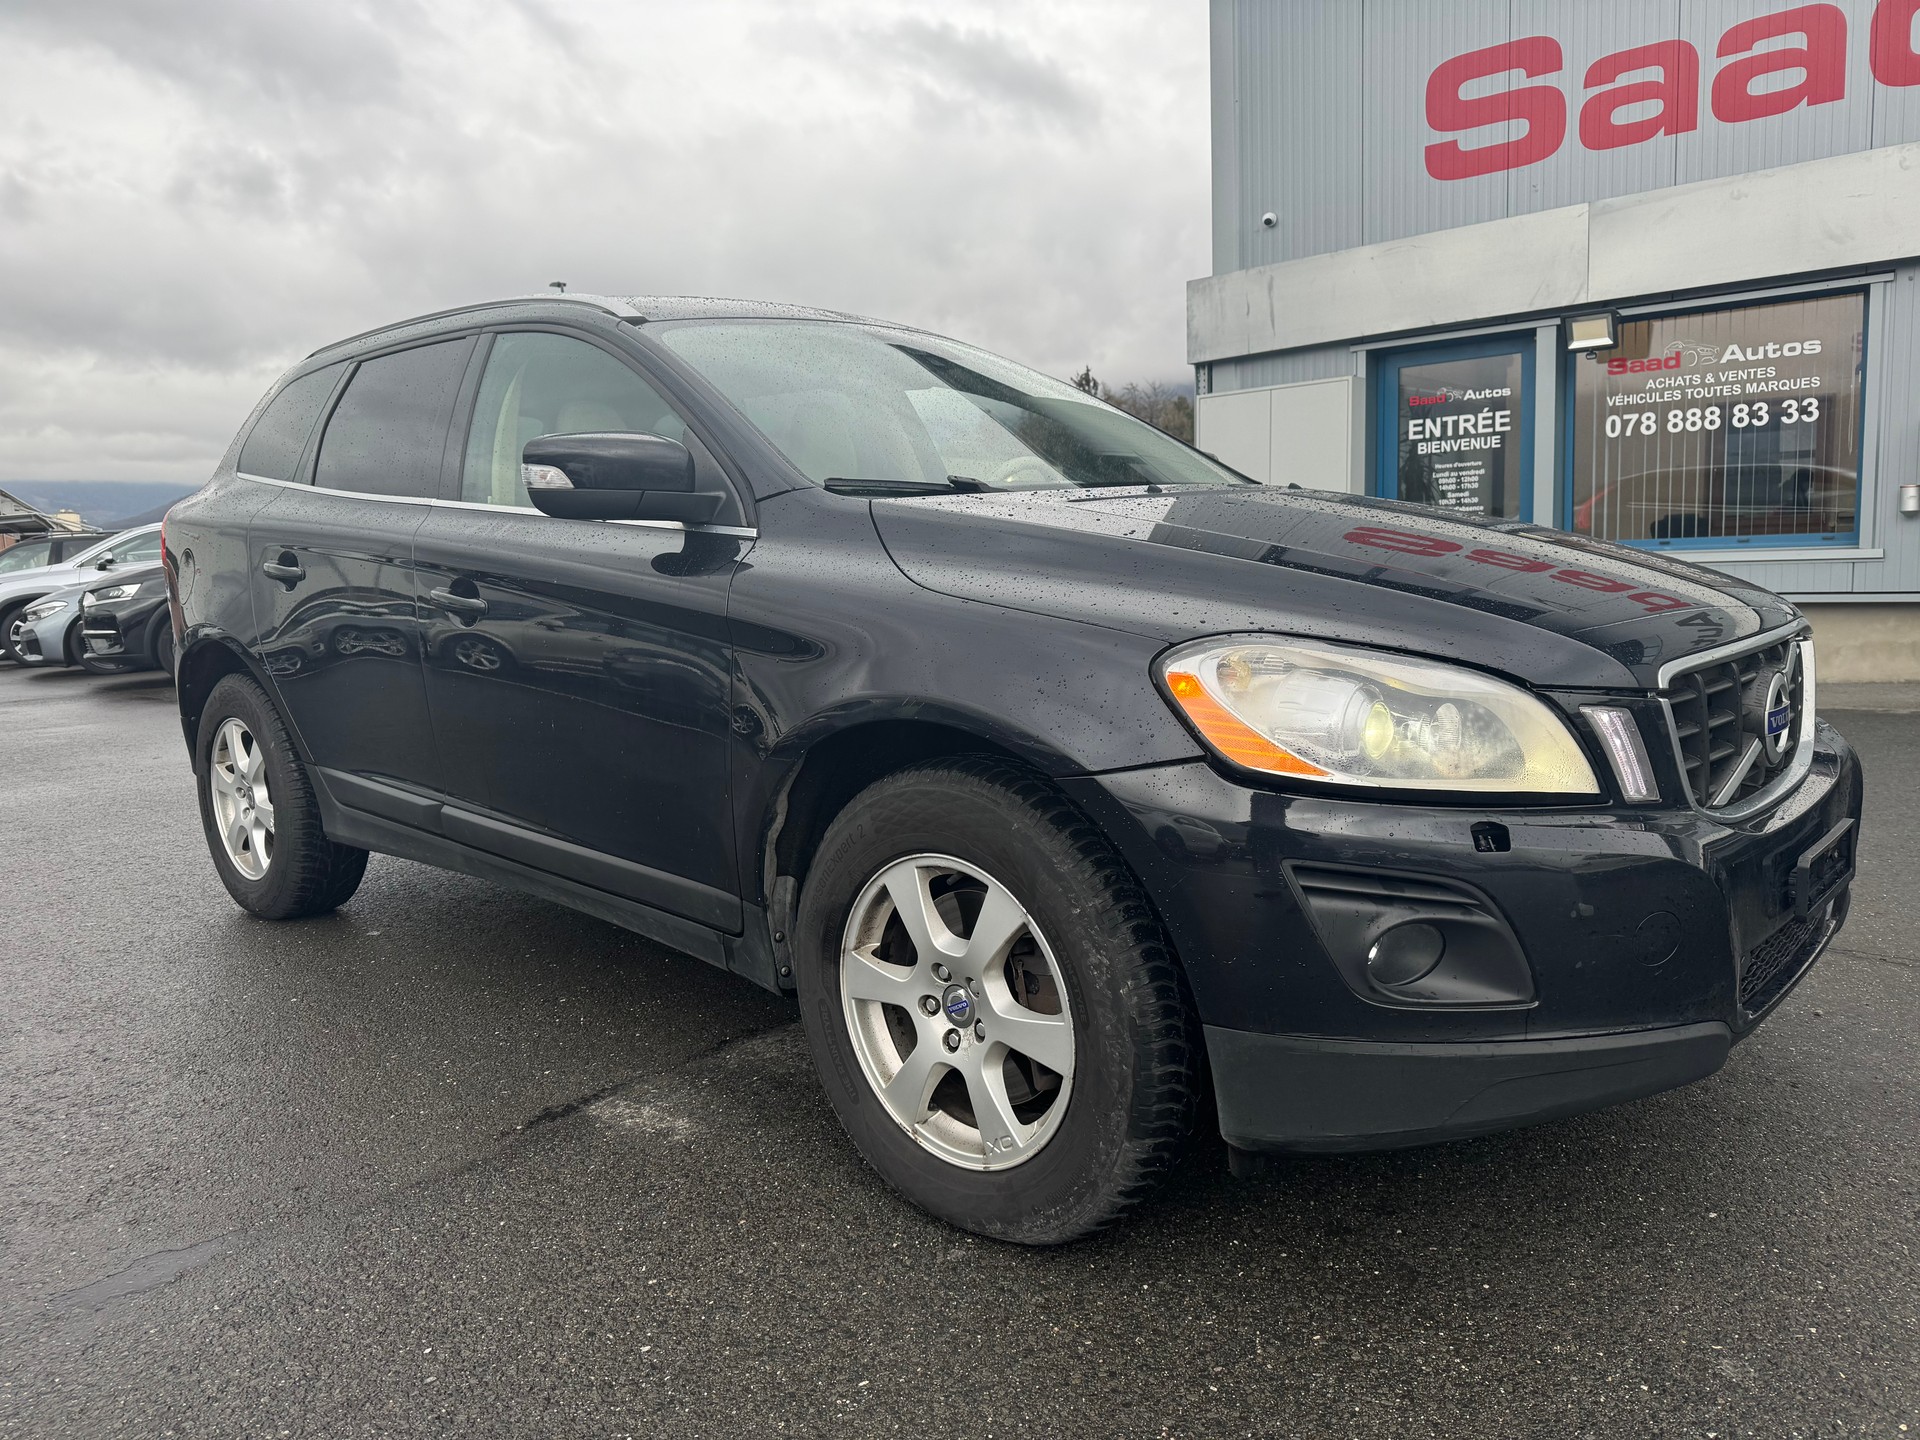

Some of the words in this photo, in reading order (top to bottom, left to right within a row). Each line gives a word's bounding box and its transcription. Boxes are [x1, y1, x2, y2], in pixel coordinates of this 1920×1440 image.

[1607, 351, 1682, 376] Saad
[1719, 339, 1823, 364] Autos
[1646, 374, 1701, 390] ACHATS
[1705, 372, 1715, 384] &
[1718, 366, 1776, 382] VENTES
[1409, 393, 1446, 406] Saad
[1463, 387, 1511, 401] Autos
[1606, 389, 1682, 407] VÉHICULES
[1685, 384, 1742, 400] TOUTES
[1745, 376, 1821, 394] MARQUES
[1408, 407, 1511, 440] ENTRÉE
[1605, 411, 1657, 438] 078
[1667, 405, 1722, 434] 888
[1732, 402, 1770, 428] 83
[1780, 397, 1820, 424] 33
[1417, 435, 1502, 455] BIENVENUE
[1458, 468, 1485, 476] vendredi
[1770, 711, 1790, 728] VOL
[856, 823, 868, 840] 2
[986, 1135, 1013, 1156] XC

About this exercise :: Skipping all pictures, set the listing down exactly as written.

Reply to the task ::
Some of the words in this photo, in reading order (top to bottom, left to right within a row). Each line gives a word's bounding box and its transcription. Boxes are [x1, y1, x2, y2], in pixel coordinates of this 1920×1440 image.

[1607, 351, 1682, 376] Saad
[1719, 339, 1823, 364] Autos
[1646, 374, 1701, 390] ACHATS
[1705, 372, 1715, 384] &
[1718, 366, 1776, 382] VENTES
[1409, 393, 1446, 406] Saad
[1463, 387, 1511, 401] Autos
[1606, 389, 1682, 407] VÉHICULES
[1685, 384, 1742, 400] TOUTES
[1745, 376, 1821, 394] MARQUES
[1408, 407, 1511, 440] ENTRÉE
[1605, 411, 1657, 438] 078
[1667, 405, 1722, 434] 888
[1732, 402, 1770, 428] 83
[1780, 397, 1820, 424] 33
[1417, 435, 1502, 455] BIENVENUE
[1458, 468, 1485, 476] vendredi
[1770, 711, 1790, 728] VOL
[856, 823, 868, 840] 2
[986, 1135, 1013, 1156] XC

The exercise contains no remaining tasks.